Give the lines below again, exactly as they stand, and leave out the images.

-- Listed records follows --

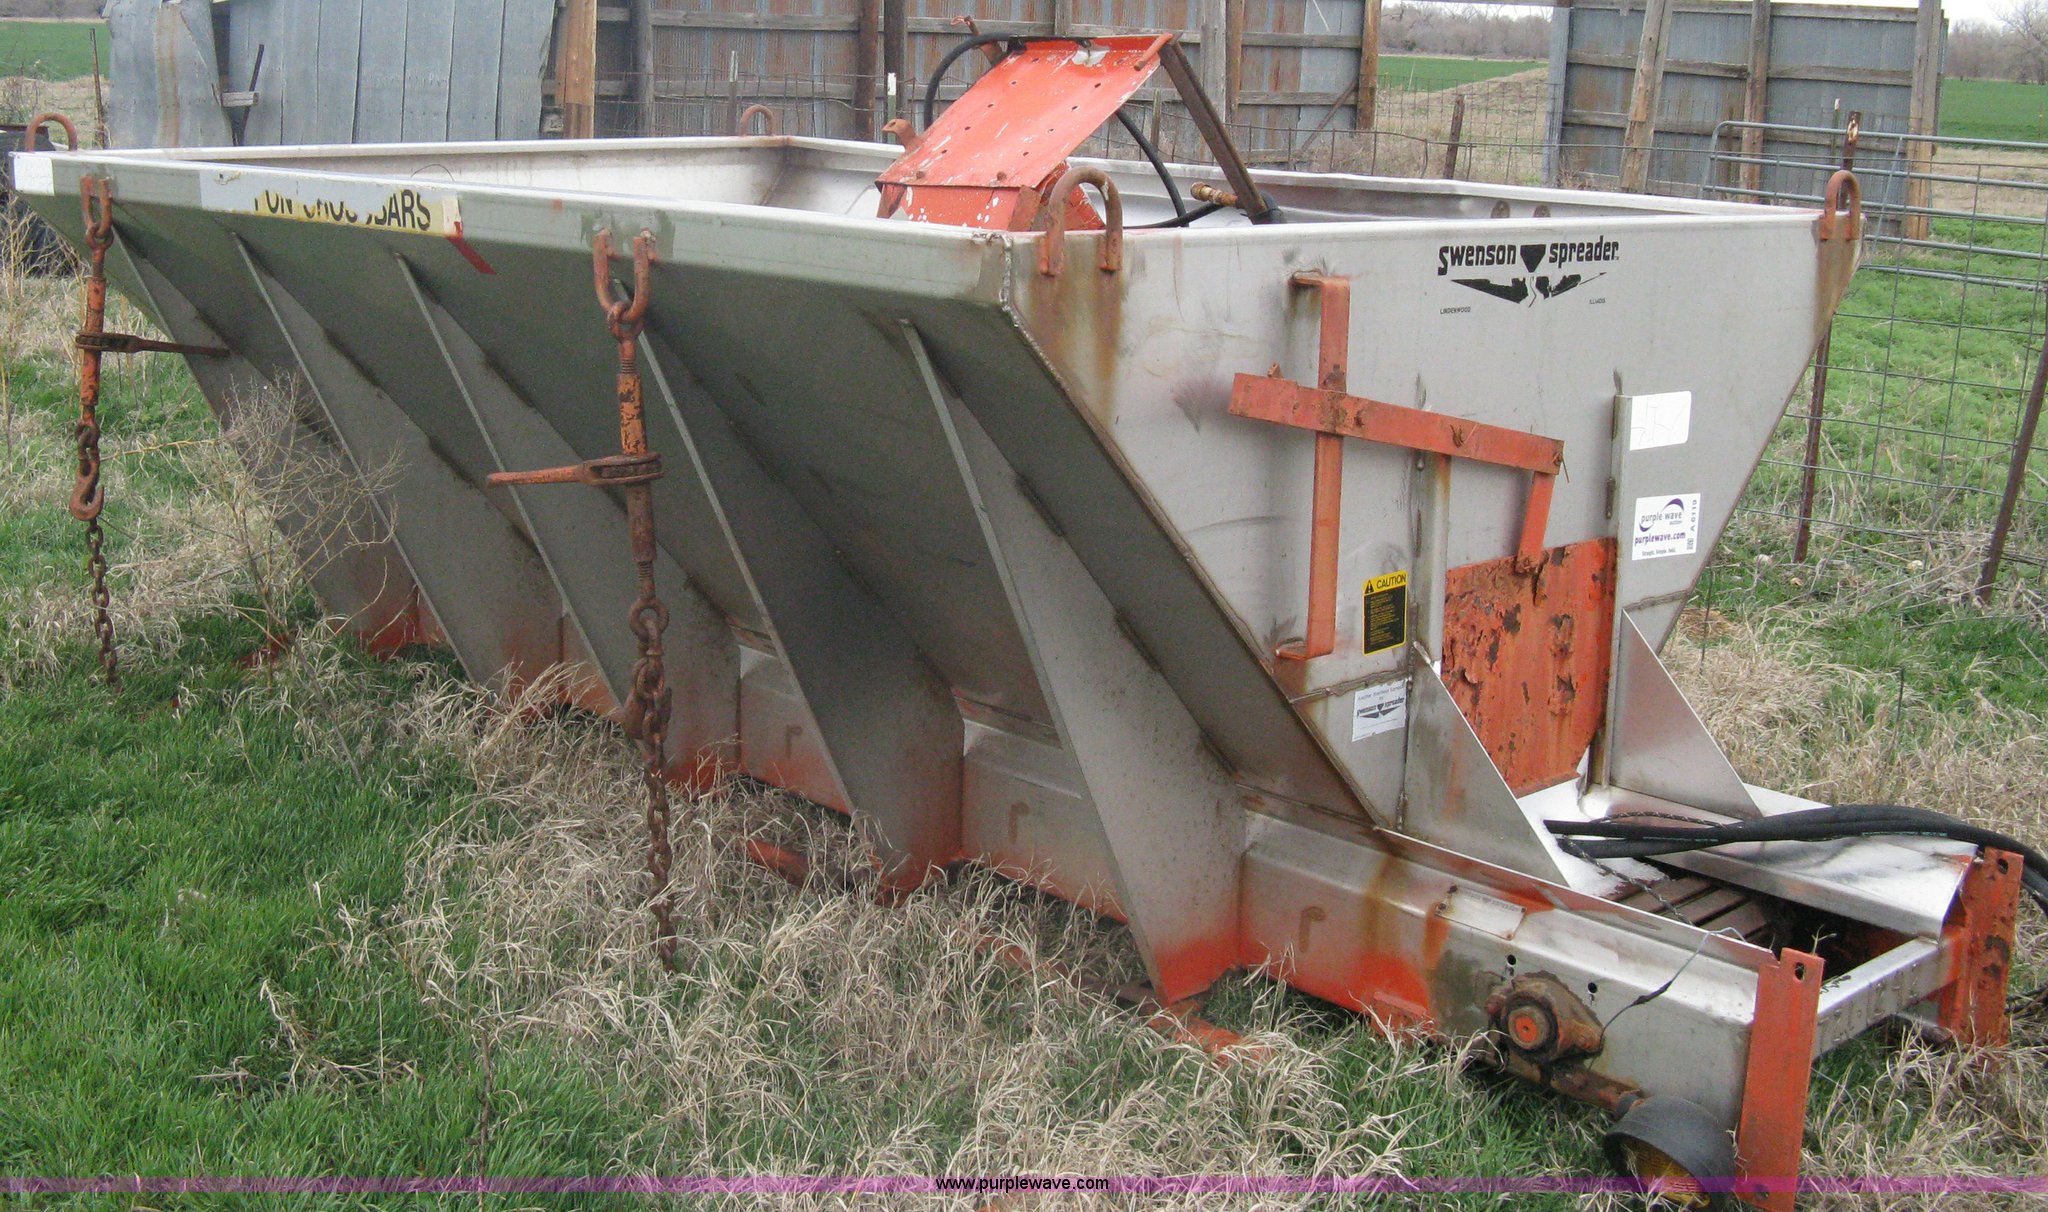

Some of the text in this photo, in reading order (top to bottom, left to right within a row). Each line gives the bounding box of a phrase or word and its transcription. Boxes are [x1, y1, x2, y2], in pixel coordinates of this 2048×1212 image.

[1438, 235, 1619, 276] Swenson spreader
[1641, 512, 1662, 524] purple
[1664, 511, 1682, 520] wave
[1635, 532, 1686, 547] purplewave.com
[1376, 574, 1406, 589] CAUTION

-- Listed records concluded --

### [Response to the exercise]
Some of the text in this photo, in reading order (top to bottom, left to right within a row). Each line gives the bounding box of a phrase or word and its transcription. Boxes are [x1, y1, x2, y2], in pixel coordinates of this 2048×1212 image.

[1438, 235, 1619, 276] Swenson spreader
[1641, 512, 1662, 524] purple
[1664, 511, 1682, 520] wave
[1635, 532, 1686, 547] purplewave.com
[1376, 574, 1406, 589] CAUTION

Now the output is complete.